Isn’t what we call a ‘rhizome’ here rather a sequence of infinitesimally small ‘old oak trees’?
What if Foucault, Deleuze and Co. had – rather than proposing a radically different approach to reality – only changed scale from ‘singular’ and ‘final’ macro-satisfaction to ‘multiple’ and ‘continuous’ micro-satisfactions, not making the slightest change to satisfaction as such?
What if we asked: What is ‘indifference’ as opposed to ‘identity’? And then, what does it require from us to make A and B not differ? And what’s the role of satisfaction in this work of equality through indifference rather than through identity?
In the cycle of life, life does not happen on the line from father to seed to son, from old oak tree to seed to young oak tree, but rather on the surface inscribed within these lines, a surface not directly accessible by those on the line, however, a surface inseparable from the line and those on it.
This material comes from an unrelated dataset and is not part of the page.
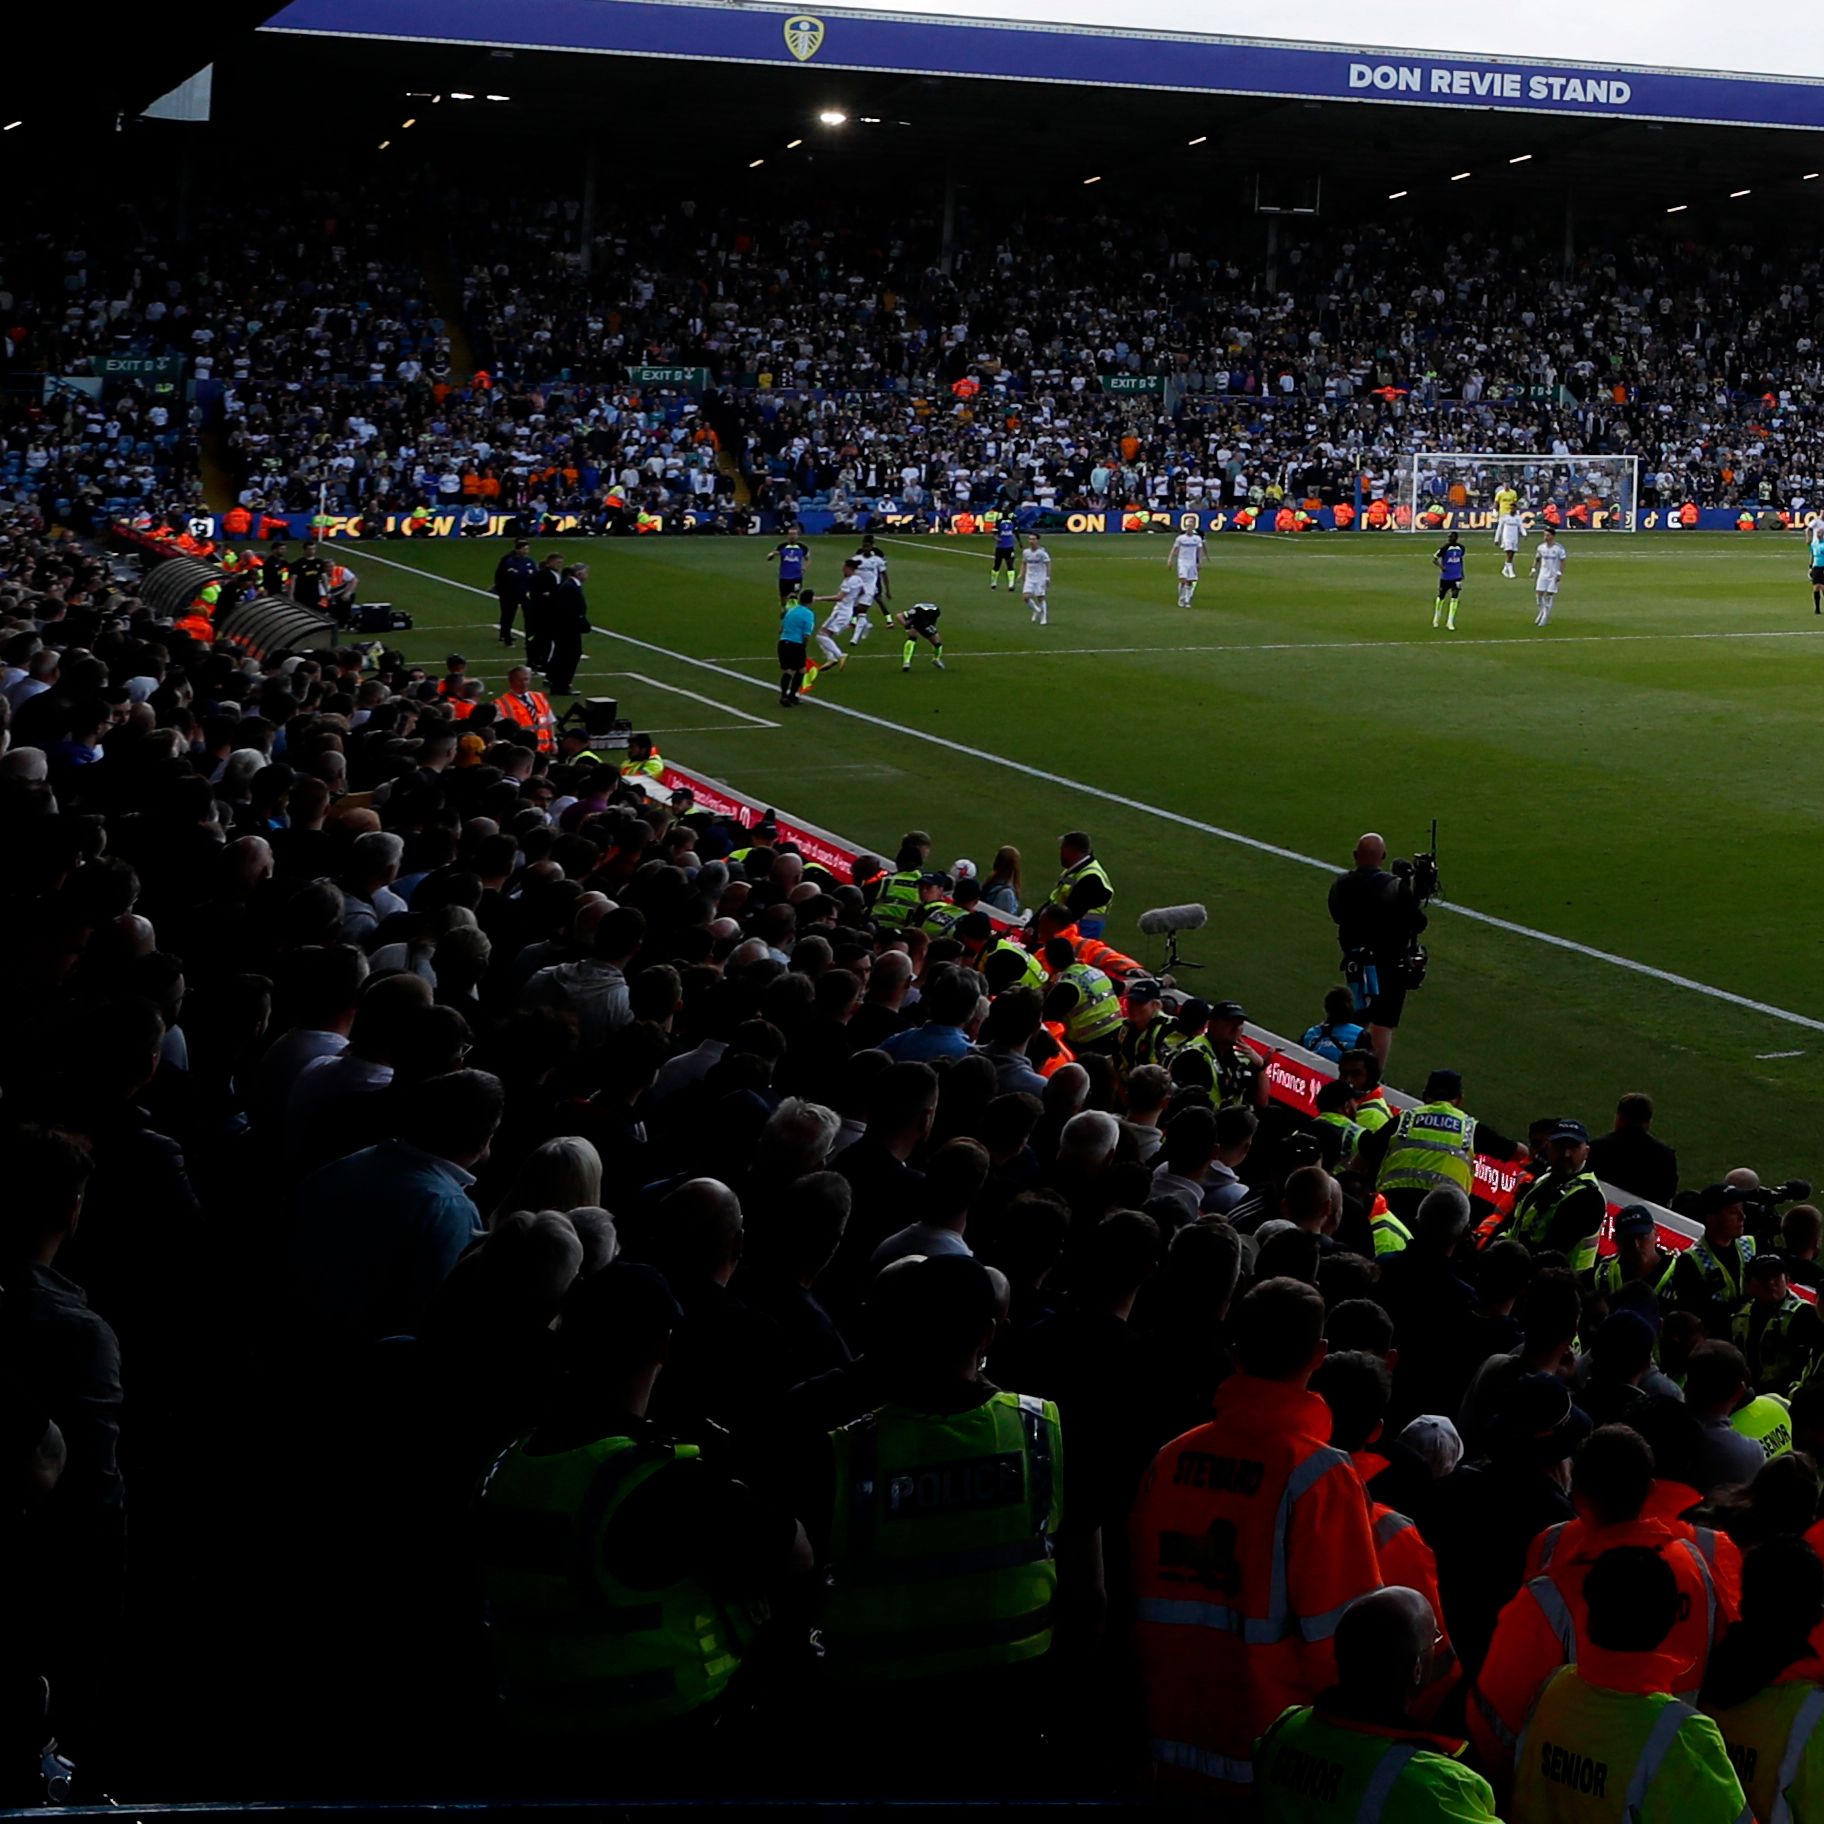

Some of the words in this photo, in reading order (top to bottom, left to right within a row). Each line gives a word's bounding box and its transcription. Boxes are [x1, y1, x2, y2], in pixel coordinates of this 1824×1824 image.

This surface emerges as an inevitable result of any free making and construction, however, it can not be constructed as such. This surface of non-construction is just there, has always been there. Our only possible relation to it is to make it not differ from our lives and thus make it matter.
There is always both satisfaction and appreciation, simultaneously, and there is no difference between an old oak tree and a rhizome: the difference is in the air when we smell mushrooms after rain.